Ellipse graph from standard equation | Precalculus | High School Math | Khan Academy

Whereas which ellipse is represented by the equation ( (x - 4)^2 / 16 + (y - 1)^2 / 49 = 1 )?

And we're given a bunch of choices here. We're given four choices here, so let's just think about what's going on here.

The center of the ellipse is going to be ( 4, 1 ). How do I know that? Well, the equation of the ellipse is going to be ( (x - \text{(x coordinate for the center)})^2 / \text{(horizontal radius)}^2 + (y - \text{(y coordinate of the center)})^2 / \text{(vertical radius)}^2 ).
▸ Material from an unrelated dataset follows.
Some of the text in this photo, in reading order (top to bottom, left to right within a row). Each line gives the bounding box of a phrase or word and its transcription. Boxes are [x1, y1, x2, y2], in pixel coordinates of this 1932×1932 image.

So the center is going to be ( 4, 1 ). The center here is not ( 4, 1 ). The center over here is not ( 4, 1 ). Not ( 4, 1 ). The only choice that has a center at ( 4, 1 ) is this one over here.

So we already know this. This is the choice without even looking at the horizontal and the vertical radius. But we can verify that this works out because a horizontal radius right over here—notice it goes, this orange line which can represent the horizontal radius—it has a length of 4.
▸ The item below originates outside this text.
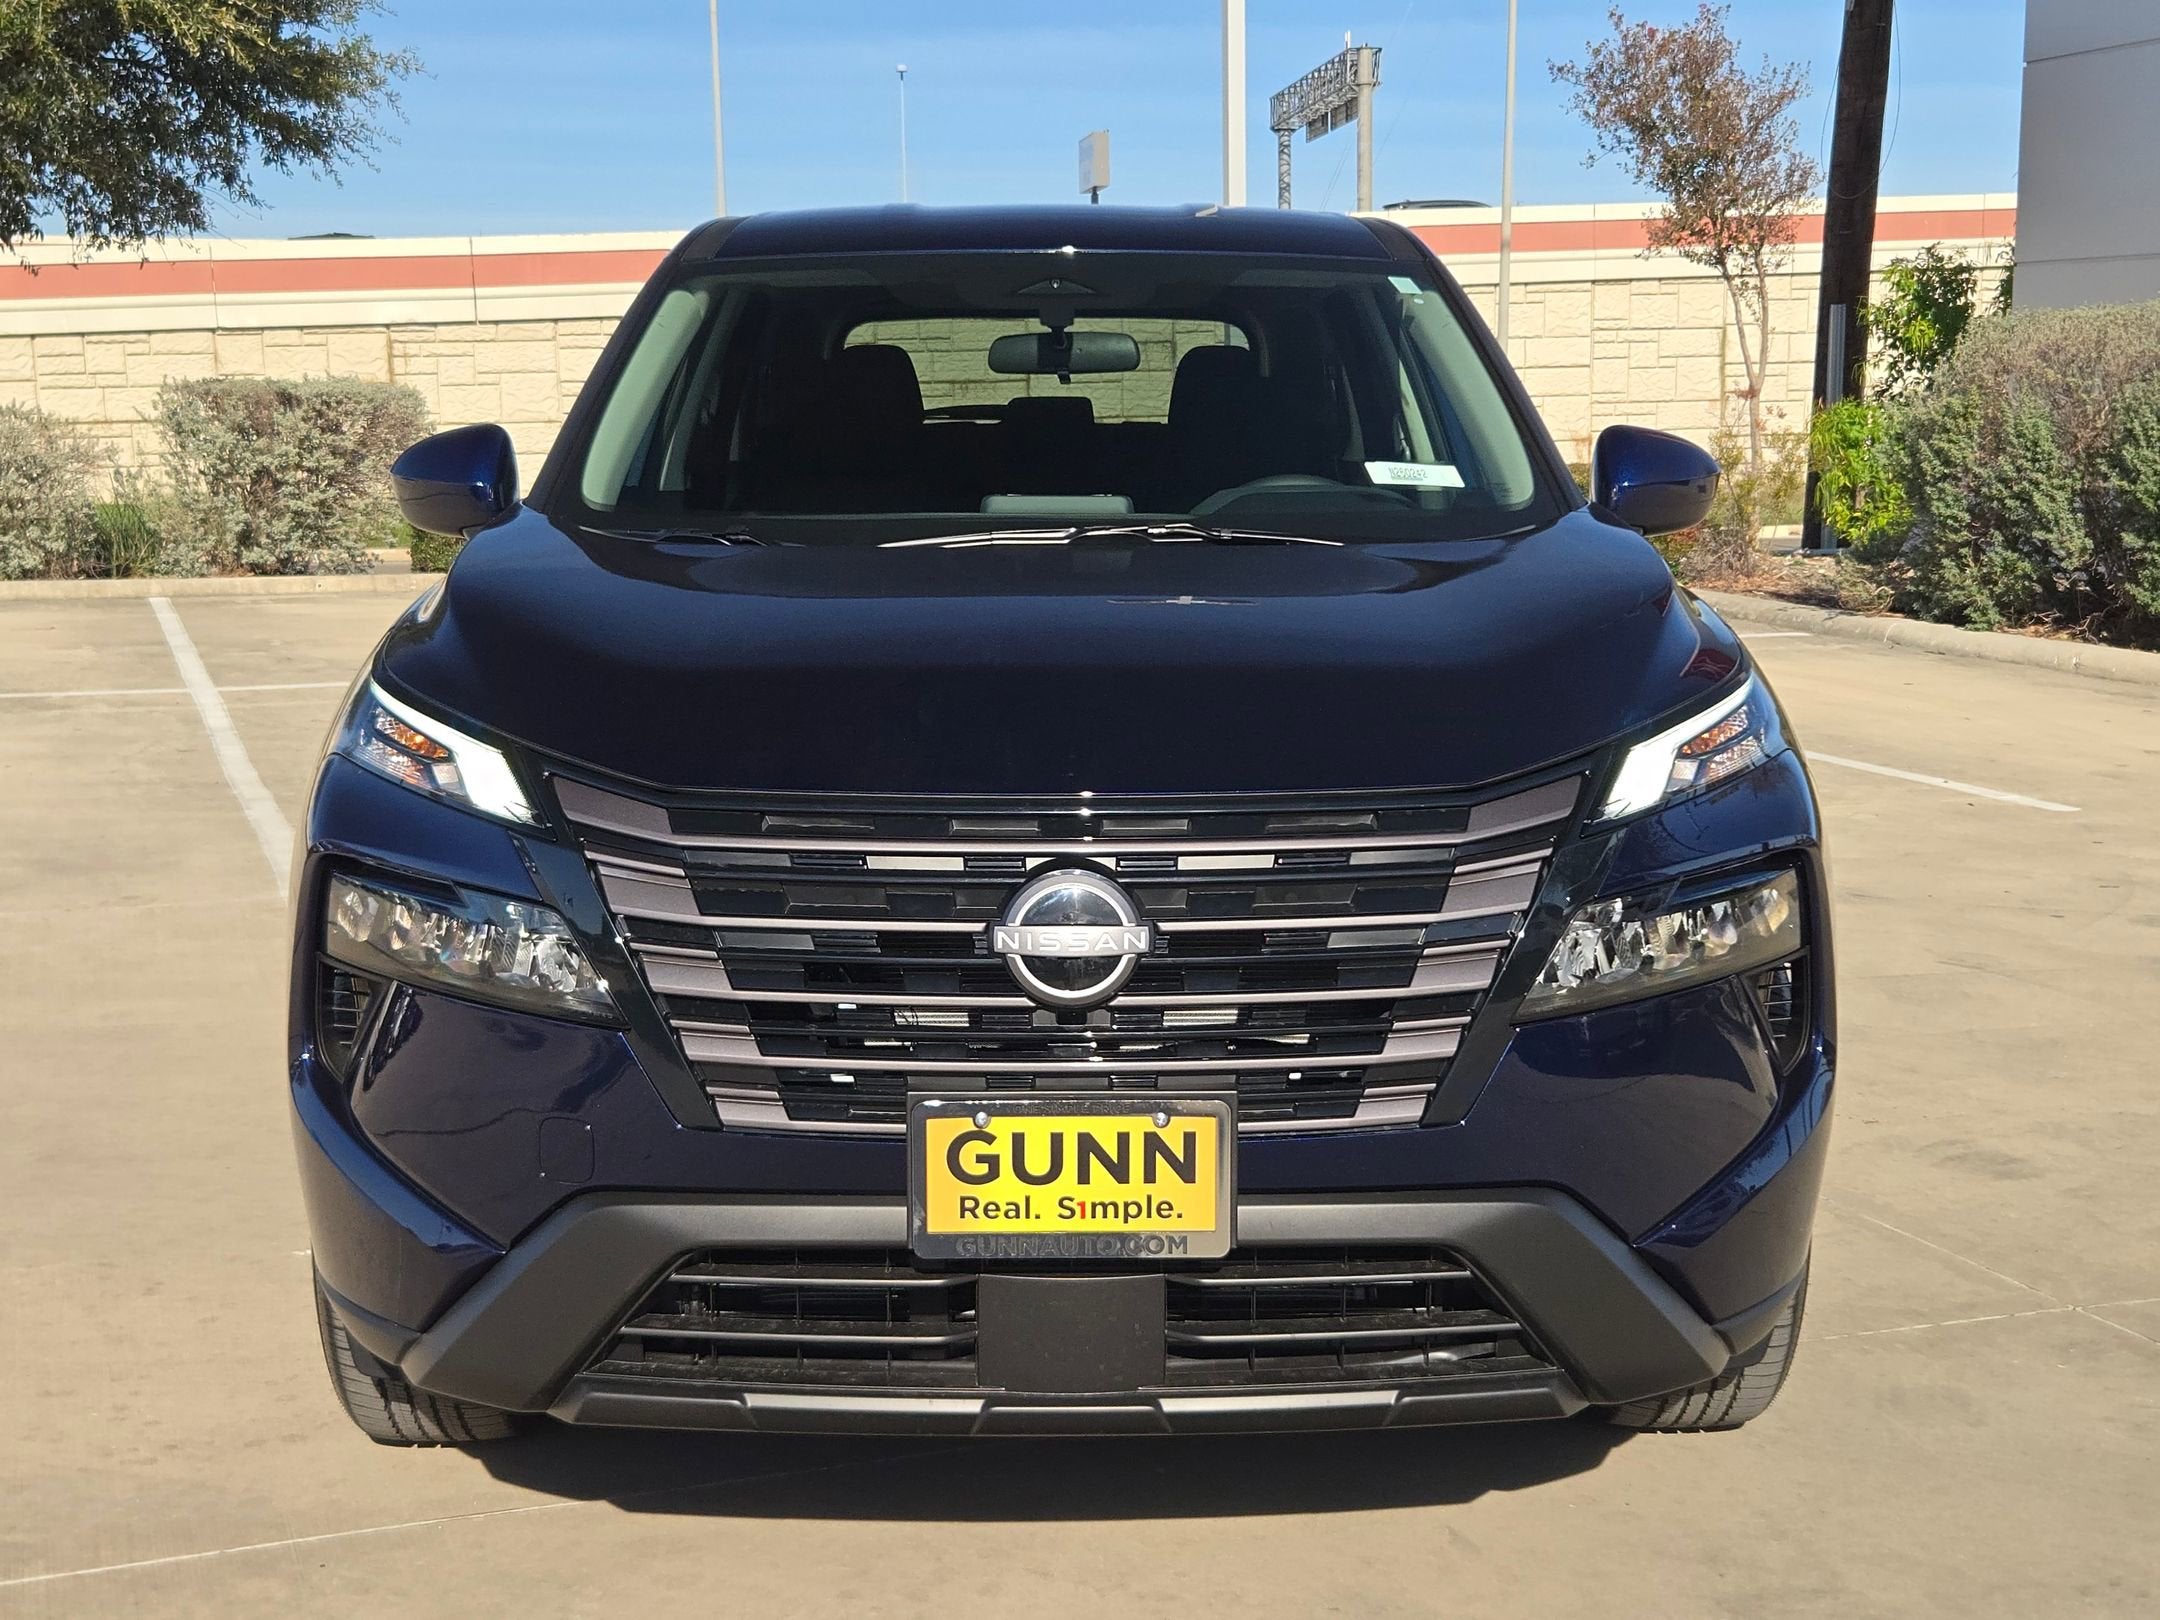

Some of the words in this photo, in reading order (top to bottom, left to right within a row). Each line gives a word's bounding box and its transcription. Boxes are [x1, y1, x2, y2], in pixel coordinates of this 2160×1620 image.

And so the horizontal radius is 4, and so we see indeed that 16 is the horizontal radius squared. This is ( 4^2 ). And if we look at the vertical radius here, we see it has a length of 7.

We're going from ( y = 1 ) to ( y = 8 ); it has a length of 7, and we see in that equation that this indeed is ( 7^2 ). So that was pretty straightforward.